I wondering if there is an algorithm that is faster than O(quadratic).
If so, please paste the link to such solution.
Thanks!
Well, what I am thinking is that as long as we have looped through all elements (i.e., have the full information about this array), we should be able to get the result. That's why I think there should be a O(N) solution. Can you explain further on why the solution set is O(quadratic)?
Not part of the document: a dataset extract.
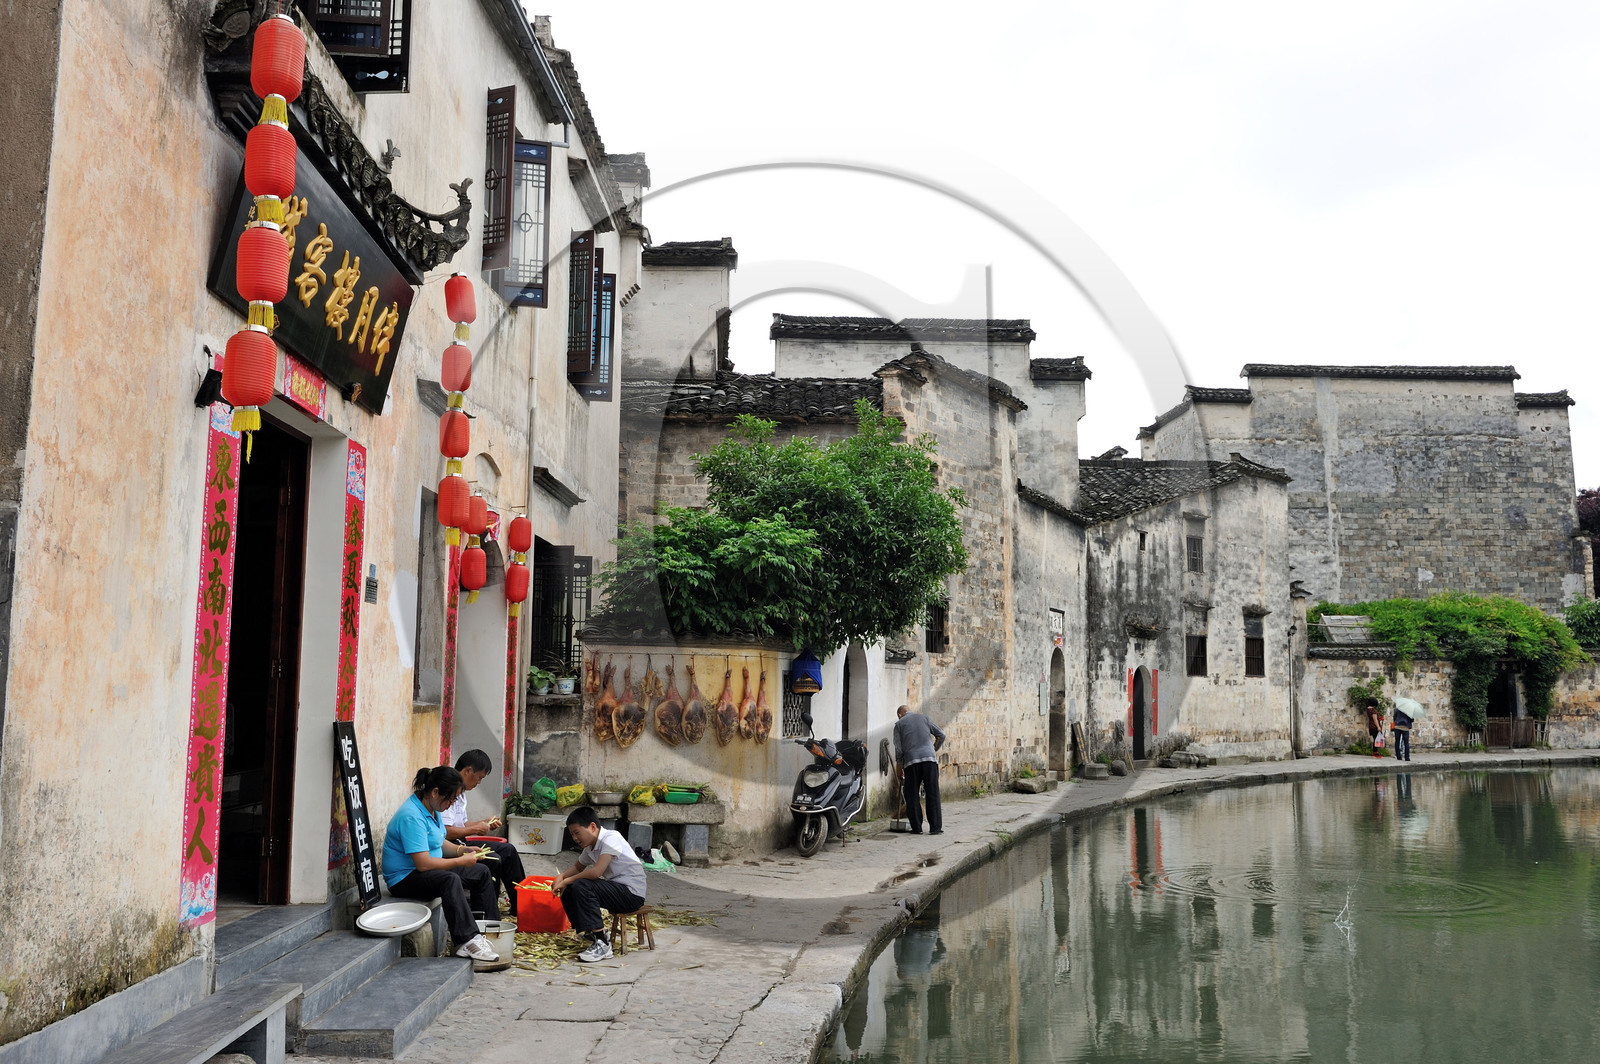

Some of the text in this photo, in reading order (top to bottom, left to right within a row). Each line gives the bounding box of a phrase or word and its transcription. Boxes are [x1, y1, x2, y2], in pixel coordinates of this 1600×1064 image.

[187, 437, 235, 866] 東西南北遇貴人
[341, 735, 375, 893] 吃饭住宿
Thanks!
@xinxi531 Try to come up with an array that would have the most number of solutions...It would probably look something like this:
[-5, -4, -3, -2, -1, 0, 1, 2, 3, 4. 5]
Which leads to a set of solutions like so:
[-5, 5, 0], [-5, 4, 1], [-5, 3, 2]
[-4, 5, -1], [-4, 4, 0], [-4, 3, 1]
[-3, -2, 5], [-3, -1, 4],[-3, 0, 3], [-3, 1, 2]
[-2,-1,3], [-2, 0, 2]
[-1,0,1]
This type of solution pattern, if extend to -N to N for very large N can be shown to grow at O(N^2). I believe it is similar to the concept of the sum of the first n numbers = n(n+1)/2, which is quadratic.
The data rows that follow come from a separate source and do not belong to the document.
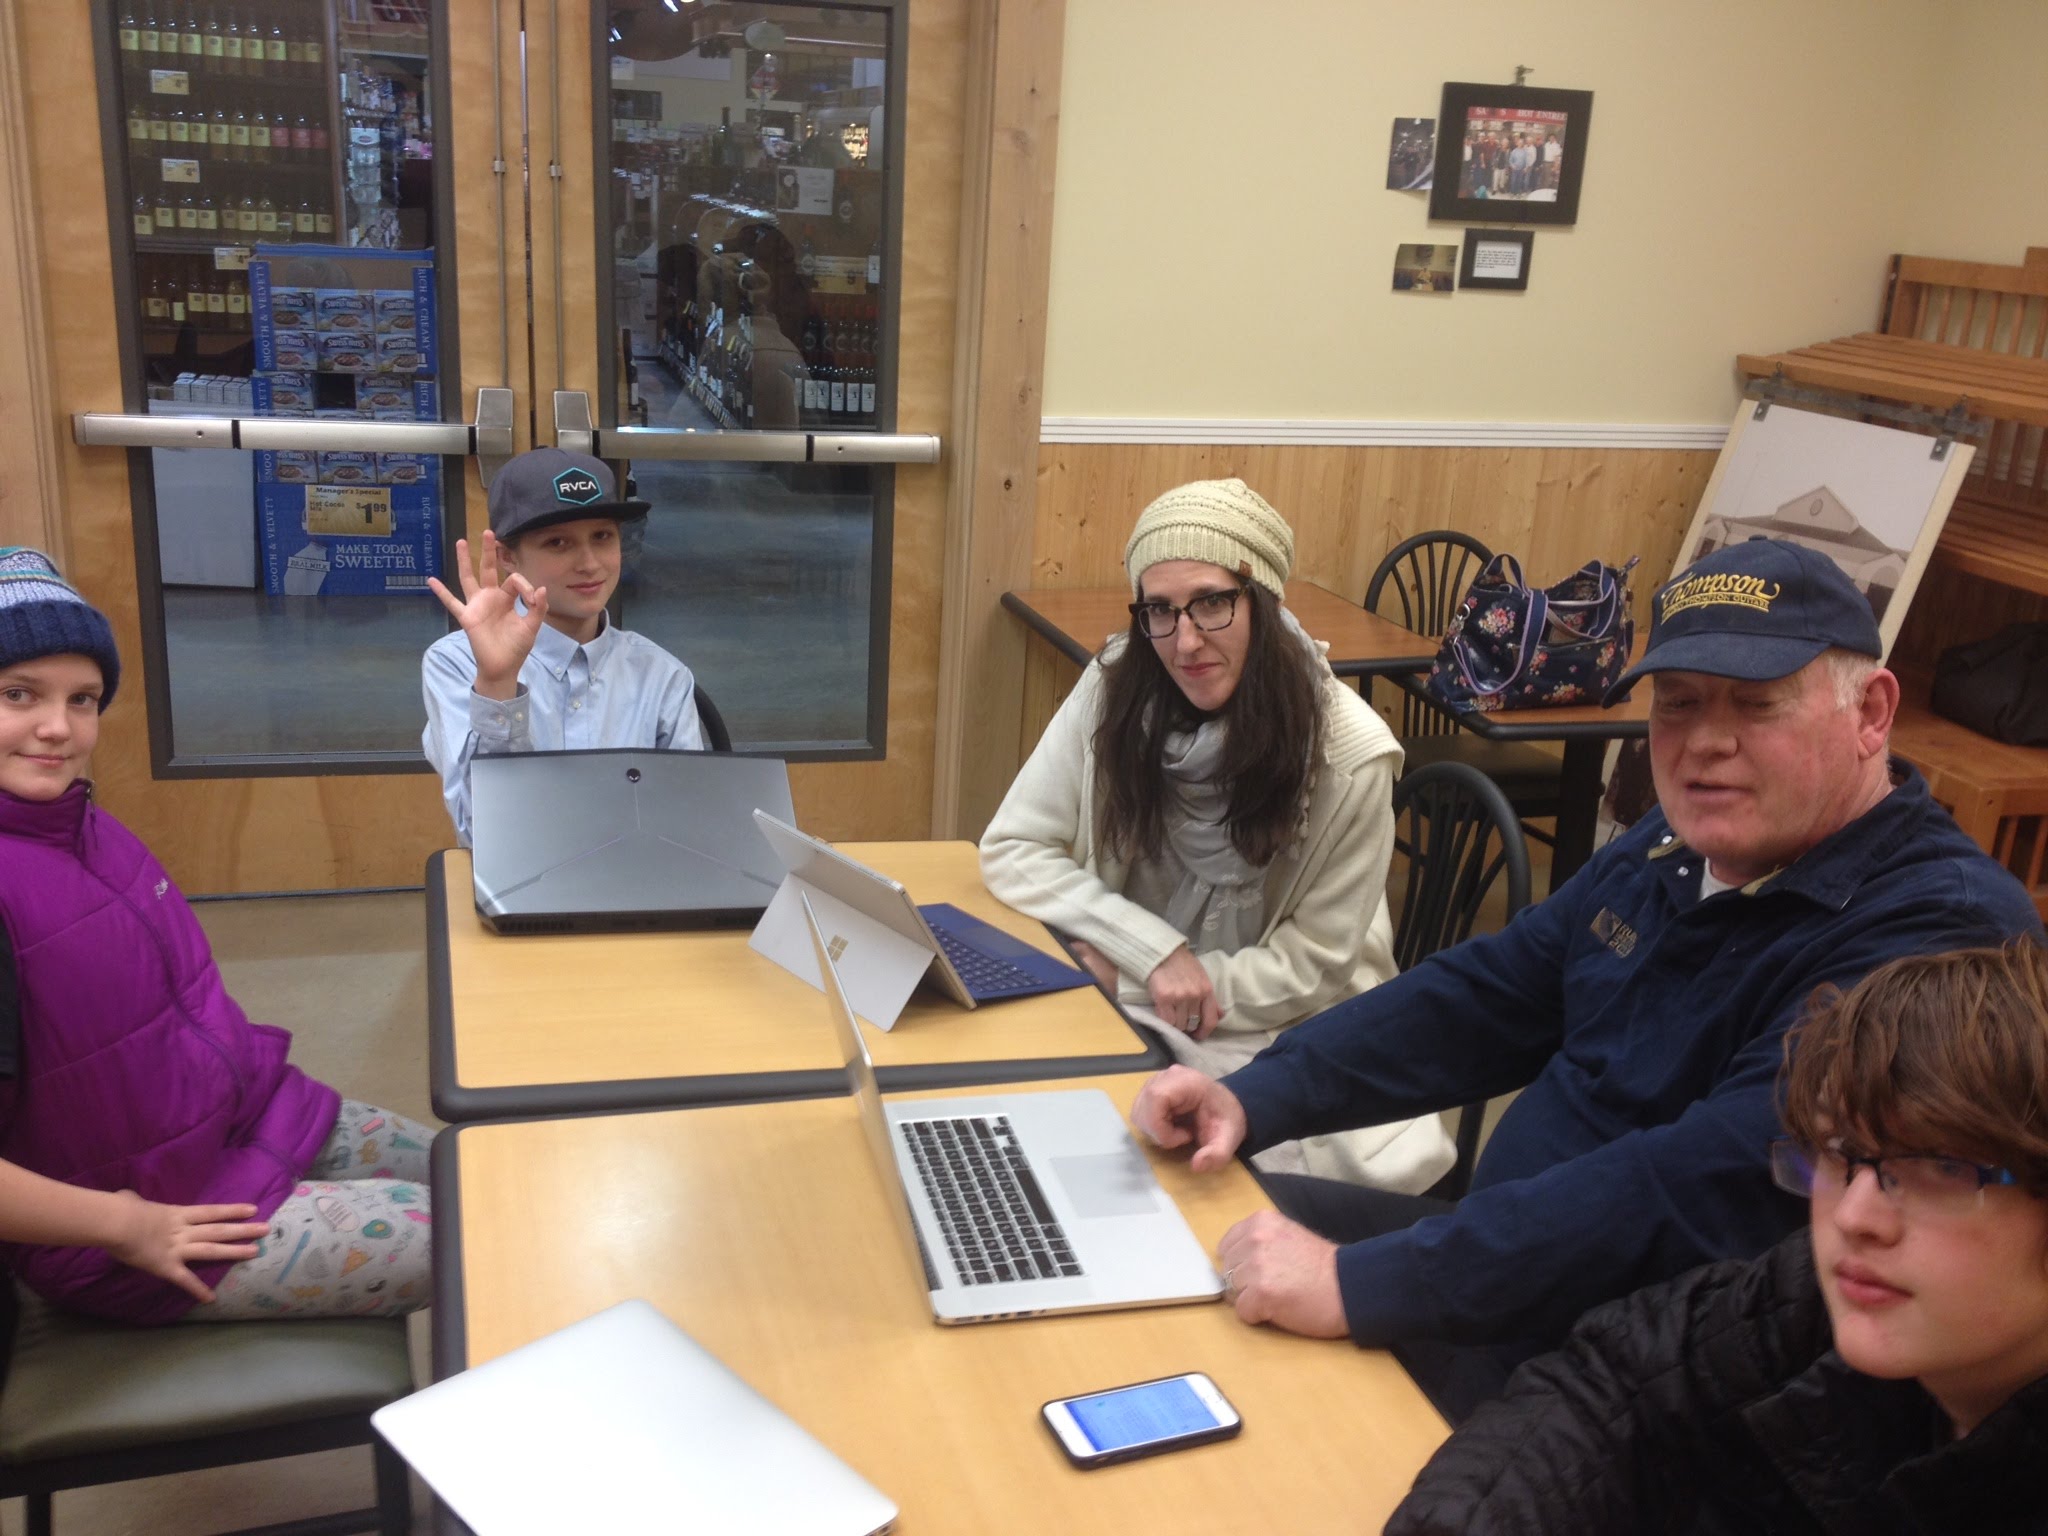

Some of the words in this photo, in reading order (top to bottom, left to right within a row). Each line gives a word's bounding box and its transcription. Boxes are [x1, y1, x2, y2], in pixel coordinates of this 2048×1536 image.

[255, 264, 267, 309] VELVETY
[417, 268, 427, 292] RICH
[420, 308, 430, 351] CREAMY
[260, 325, 272, 369] SMOOTH
[263, 452, 273, 481] SMOO
[316, 487, 354, 495] Manager's
[559, 481, 597, 494] RVCA
[264, 497, 275, 539] VELVETY
[421, 497, 431, 520] RICH
[335, 544, 370, 554] MAKE
[373, 544, 413, 554] TODAY
[335, 554, 416, 570] SWEETER
[424, 533, 434, 573] CREAMY
[268, 554, 279, 594] SMOOTH
[1661, 571, 1780, 610] Thompson
Out of curiosity, I plotted the size of solution set if you kept growing the example above by another pair of positive and negative values, and the solution set grew from 13 to 18 to 25 to 32:
ThreeSum underTest = new ThreeSum();
@Test
public void threeSum() throws Exception {
int[] arr = new int[]{-5, -4, -3, -2, -1, 0, 1, 2, 3, 4, 5};
assertEquals(13, underTest.threeSum(arr).size());
arr = new int[]{-6, -5, -4, -3, -2, -1, 0, 1, 2, 3, 4, 5, 6};
assertEquals(18, underTest.threeSum(arr).size());
arr = new int[]{-7, -6, -5, -4, -3, -2, -1, 0, 1, 2, 3, 4, 5, 6, 7};
assertEquals(25, underTest.threeSum(arr).size());
arr = new int[]{-8, -7, -6, -5, -4, -3, -2, -1, 0, 1, 2, 3, 4, 5, 6, 7, 8};
assertEquals(32, underTest.threeSum(arr).size());
}
In conclusion, to discover O(N^2) solutions (picture printing them out) would have to be done in O(N^2) time. You cannot do that in O(N) time. It'd be the equivalent of saying print the numbers 1 to 100 in 10 operations. You'd need 100 operations at minimum to do it. I hope I was clear?